### Activity
In the listing below, transcribe the line that contains "this 1536×1728 image." and all lines following it, ending with the last line. Add nothing.

### Dataset extract
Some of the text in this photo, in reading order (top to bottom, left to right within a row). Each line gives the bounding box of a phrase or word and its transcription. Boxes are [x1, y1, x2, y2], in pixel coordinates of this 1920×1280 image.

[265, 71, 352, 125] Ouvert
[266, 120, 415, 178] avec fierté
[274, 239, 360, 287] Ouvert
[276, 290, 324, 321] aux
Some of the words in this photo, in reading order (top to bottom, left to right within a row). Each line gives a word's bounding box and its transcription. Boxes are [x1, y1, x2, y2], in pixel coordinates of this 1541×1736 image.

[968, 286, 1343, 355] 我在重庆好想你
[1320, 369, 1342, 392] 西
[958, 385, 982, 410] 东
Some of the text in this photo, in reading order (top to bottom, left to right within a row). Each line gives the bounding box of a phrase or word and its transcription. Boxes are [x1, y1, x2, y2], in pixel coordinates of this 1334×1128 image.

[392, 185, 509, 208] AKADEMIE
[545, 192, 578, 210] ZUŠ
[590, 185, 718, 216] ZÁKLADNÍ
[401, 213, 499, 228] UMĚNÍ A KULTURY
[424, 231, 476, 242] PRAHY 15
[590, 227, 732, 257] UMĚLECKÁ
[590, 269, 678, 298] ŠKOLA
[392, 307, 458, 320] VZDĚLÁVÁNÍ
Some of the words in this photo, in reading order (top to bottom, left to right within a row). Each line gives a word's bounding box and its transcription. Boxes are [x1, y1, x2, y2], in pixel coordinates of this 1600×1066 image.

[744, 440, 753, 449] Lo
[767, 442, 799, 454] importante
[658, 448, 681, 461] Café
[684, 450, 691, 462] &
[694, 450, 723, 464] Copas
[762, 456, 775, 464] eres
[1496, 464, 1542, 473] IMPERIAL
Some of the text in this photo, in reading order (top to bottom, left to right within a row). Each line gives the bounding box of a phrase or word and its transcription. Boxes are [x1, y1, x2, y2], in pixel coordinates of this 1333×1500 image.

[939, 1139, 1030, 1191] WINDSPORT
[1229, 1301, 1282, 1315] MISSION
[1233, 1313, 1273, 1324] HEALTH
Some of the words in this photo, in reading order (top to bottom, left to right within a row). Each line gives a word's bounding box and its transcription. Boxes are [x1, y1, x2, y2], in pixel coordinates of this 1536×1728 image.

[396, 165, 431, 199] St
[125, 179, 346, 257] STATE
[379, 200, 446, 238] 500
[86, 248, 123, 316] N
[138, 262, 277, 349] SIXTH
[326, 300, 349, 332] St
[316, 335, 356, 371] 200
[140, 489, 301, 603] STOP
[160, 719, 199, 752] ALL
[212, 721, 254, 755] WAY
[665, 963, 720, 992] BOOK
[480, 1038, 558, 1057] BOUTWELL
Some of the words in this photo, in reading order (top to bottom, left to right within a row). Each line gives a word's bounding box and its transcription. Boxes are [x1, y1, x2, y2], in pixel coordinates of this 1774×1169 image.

### Response below
Some of the words in this photo, in reading order (top to bottom, left to right within a row). Each line gives a word's bounding box and its transcription. Boxes are [x1, y1, x2, y2], in pixel coordinates of this 1536×1728 image.

[396, 165, 431, 199] St
[125, 179, 346, 257] STATE
[379, 200, 446, 238] 500
[86, 248, 123, 316] N
[138, 262, 277, 349] SIXTH
[326, 300, 349, 332] St
[316, 335, 356, 371] 200
[140, 489, 301, 603] STOP
[160, 719, 199, 752] ALL
[212, 721, 254, 755] WAY
[665, 963, 720, 992] BOOK
[480, 1038, 558, 1057] BOUTWELL
Some of the words in this photo, in reading order (top to bottom, left to right within a row). Each line gives a word's bounding box and its transcription. Boxes are [x1, y1, x2, y2], in pixel coordinates of this 1774×1169 image.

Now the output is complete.